[Opening DATA RECORDS section]

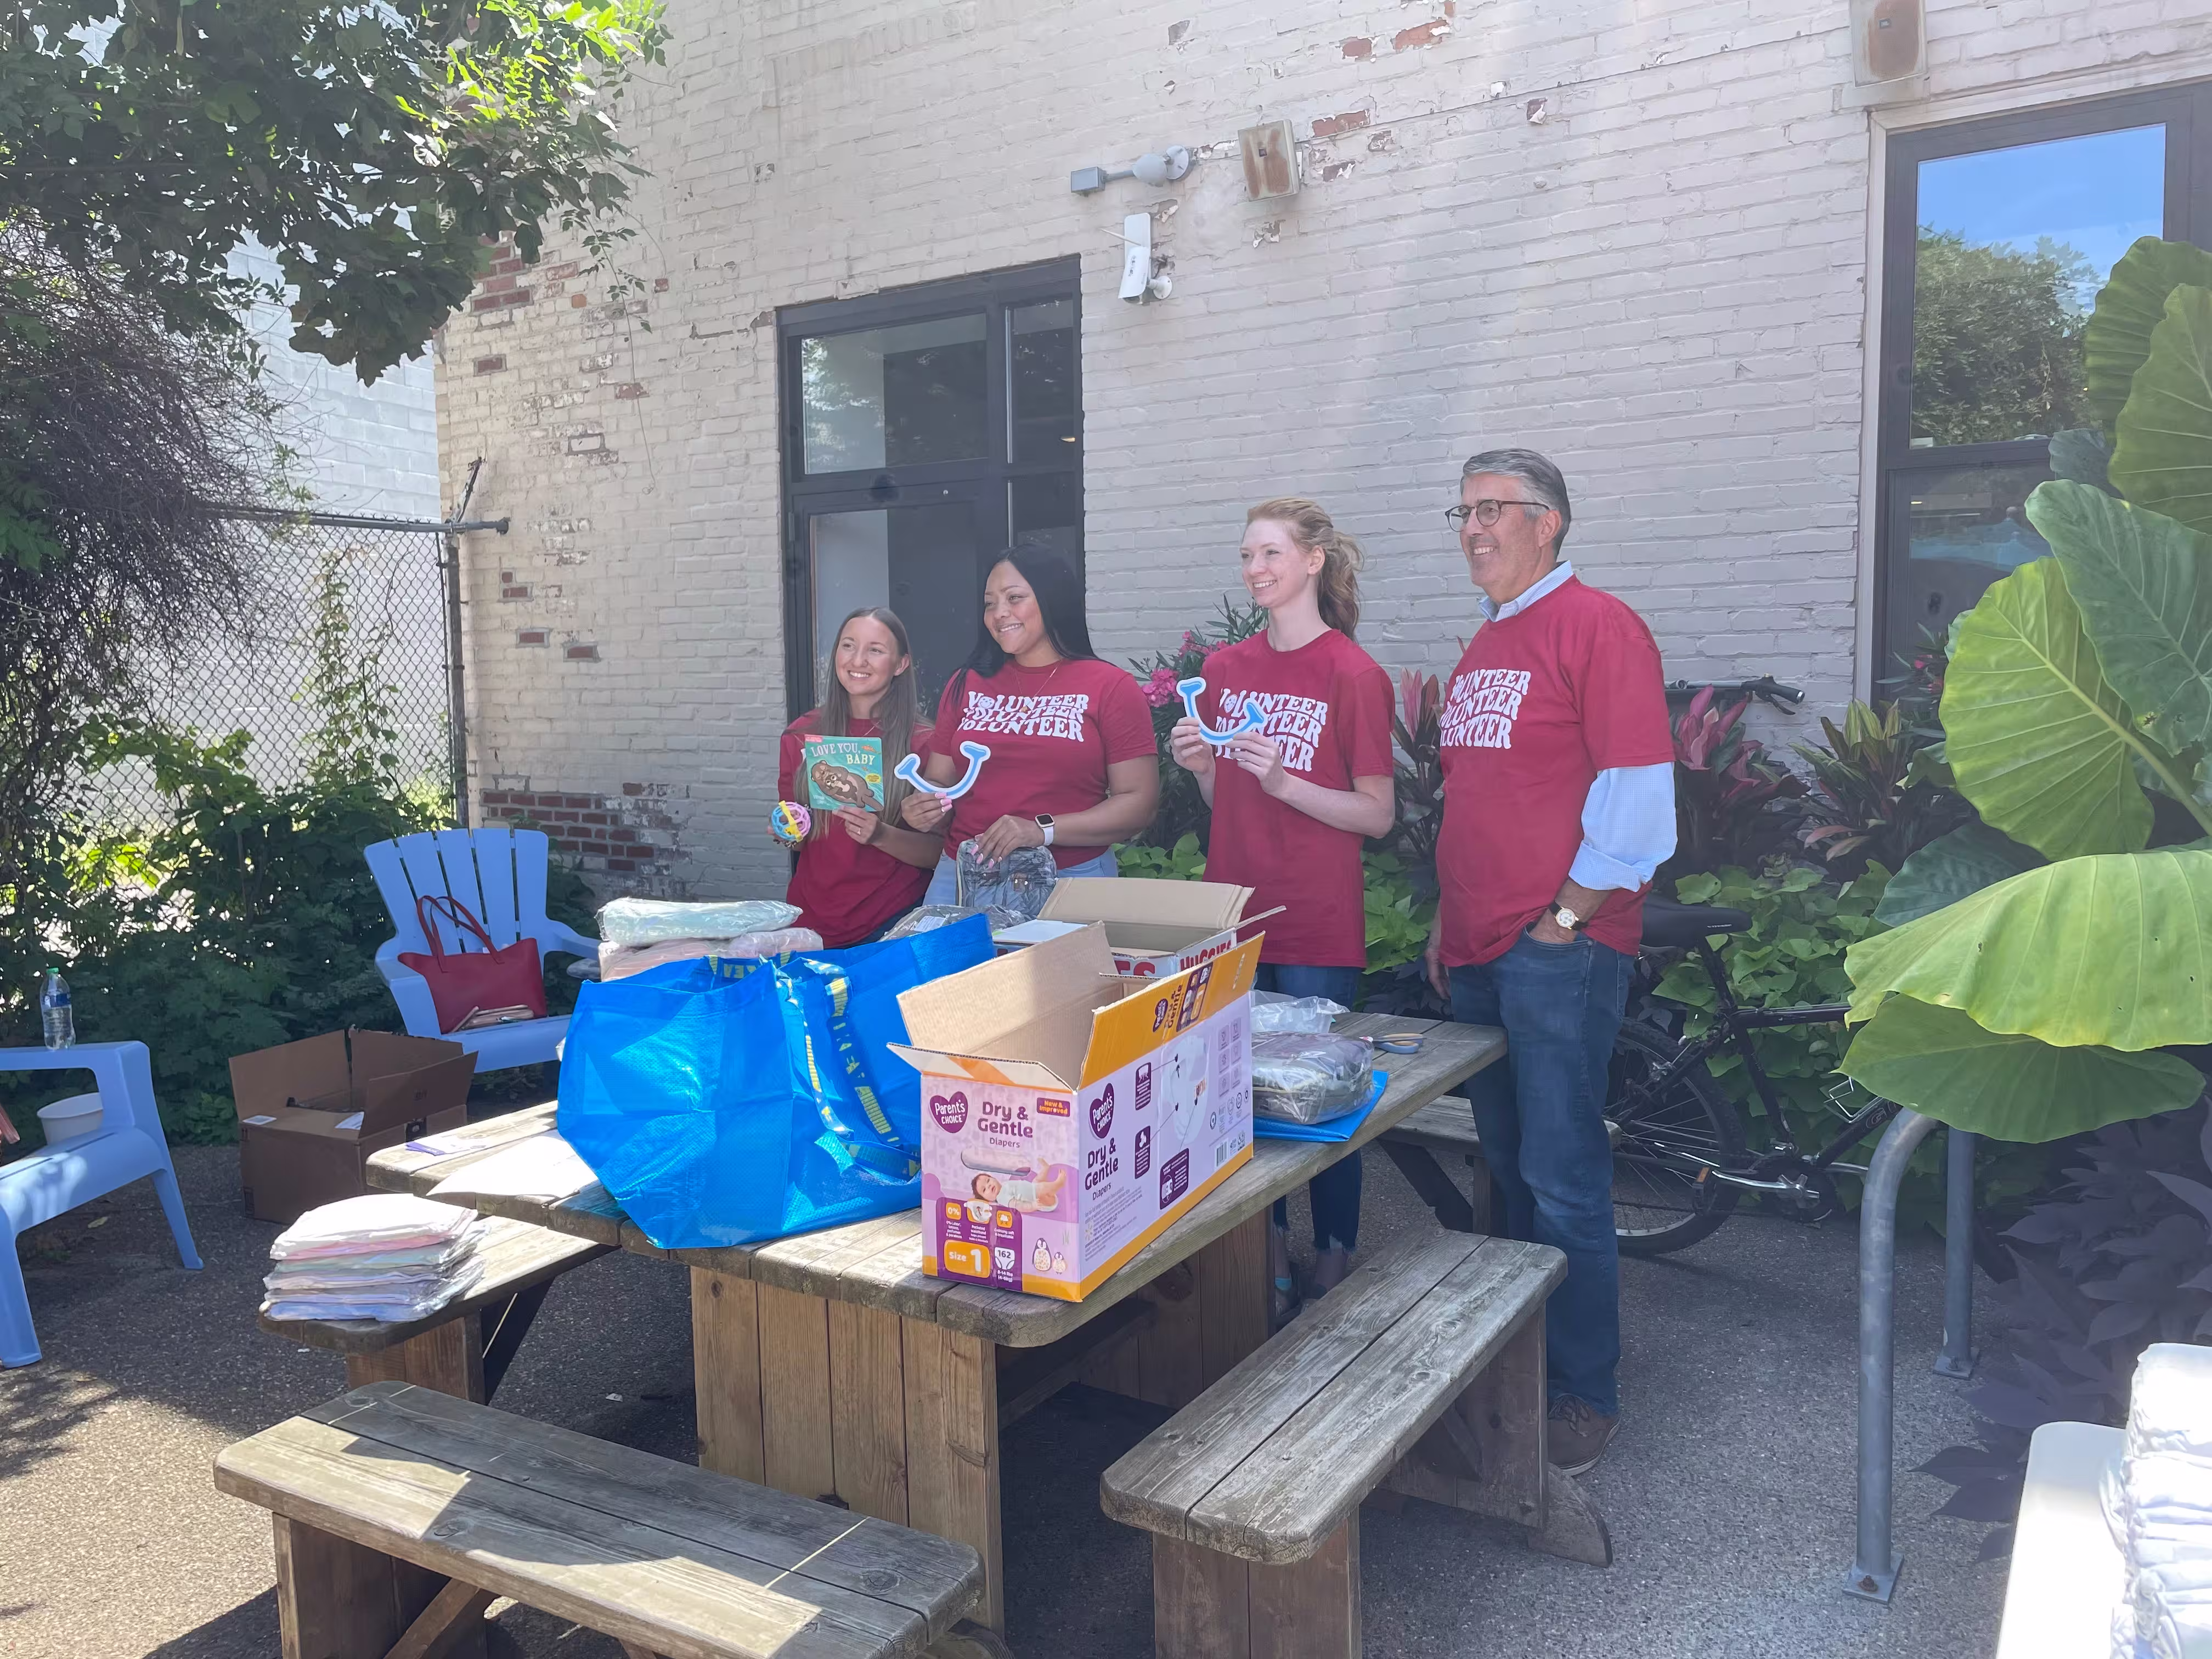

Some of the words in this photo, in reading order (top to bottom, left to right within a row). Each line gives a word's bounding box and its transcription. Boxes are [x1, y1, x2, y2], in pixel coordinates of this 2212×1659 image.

[968, 691, 1090, 713] VOLUNTEER
[957, 716, 1085, 742] VOLUNTEER
[810, 743, 836, 757] LOVE
[845, 754, 876, 765] BABY
[934, 1099, 966, 1115] Parent's
[982, 1101, 1012, 1121] Dry
[1017, 1106, 1029, 1121] &
[1039, 1105, 1068, 1115] Improved
[1093, 1092, 1113, 1124] Parent's
[941, 1114, 963, 1125] CHOICE
[978, 1118, 1033, 1138] Gentle
[1097, 1110, 1111, 1132] CHOICE
[990, 1137, 1020, 1148] Diapers
[1087, 1144, 1106, 1169] Dry
[1109, 1137, 1116, 1155] &
[1085, 1157, 1119, 1190] Gentle
[1092, 1182, 1111, 1201] Diapers
[947, 1206, 960, 1216] 0%
[949, 1251, 967, 1261] Size
[970, 1249, 981, 1272] 1
[997, 1250, 1011, 1259] 162

[Closing DATA RECORDS section]

Drop the pictures; repeat the listing above exactly.

| OUTPUT FOR THIS EXERCISE |
Some of the words in this photo, in reading order (top to bottom, left to right within a row). Each line gives a word's bounding box and its transcription. Boxes are [x1, y1, x2, y2], in pixel coordinates of this 2212×1659 image.

[968, 691, 1090, 713] VOLUNTEER
[957, 716, 1085, 742] VOLUNTEER
[810, 743, 836, 757] LOVE
[845, 754, 876, 765] BABY
[934, 1099, 966, 1115] Parent's
[982, 1101, 1012, 1121] Dry
[1017, 1106, 1029, 1121] &
[1039, 1105, 1068, 1115] Improved
[1093, 1092, 1113, 1124] Parent's
[941, 1114, 963, 1125] CHOICE
[978, 1118, 1033, 1138] Gentle
[1097, 1110, 1111, 1132] CHOICE
[990, 1137, 1020, 1148] Diapers
[1087, 1144, 1106, 1169] Dry
[1109, 1137, 1116, 1155] &
[1085, 1157, 1119, 1190] Gentle
[1092, 1182, 1111, 1201] Diapers
[947, 1206, 960, 1216] 0%
[949, 1251, 967, 1261] Size
[970, 1249, 981, 1272] 1
[997, 1250, 1011, 1259] 162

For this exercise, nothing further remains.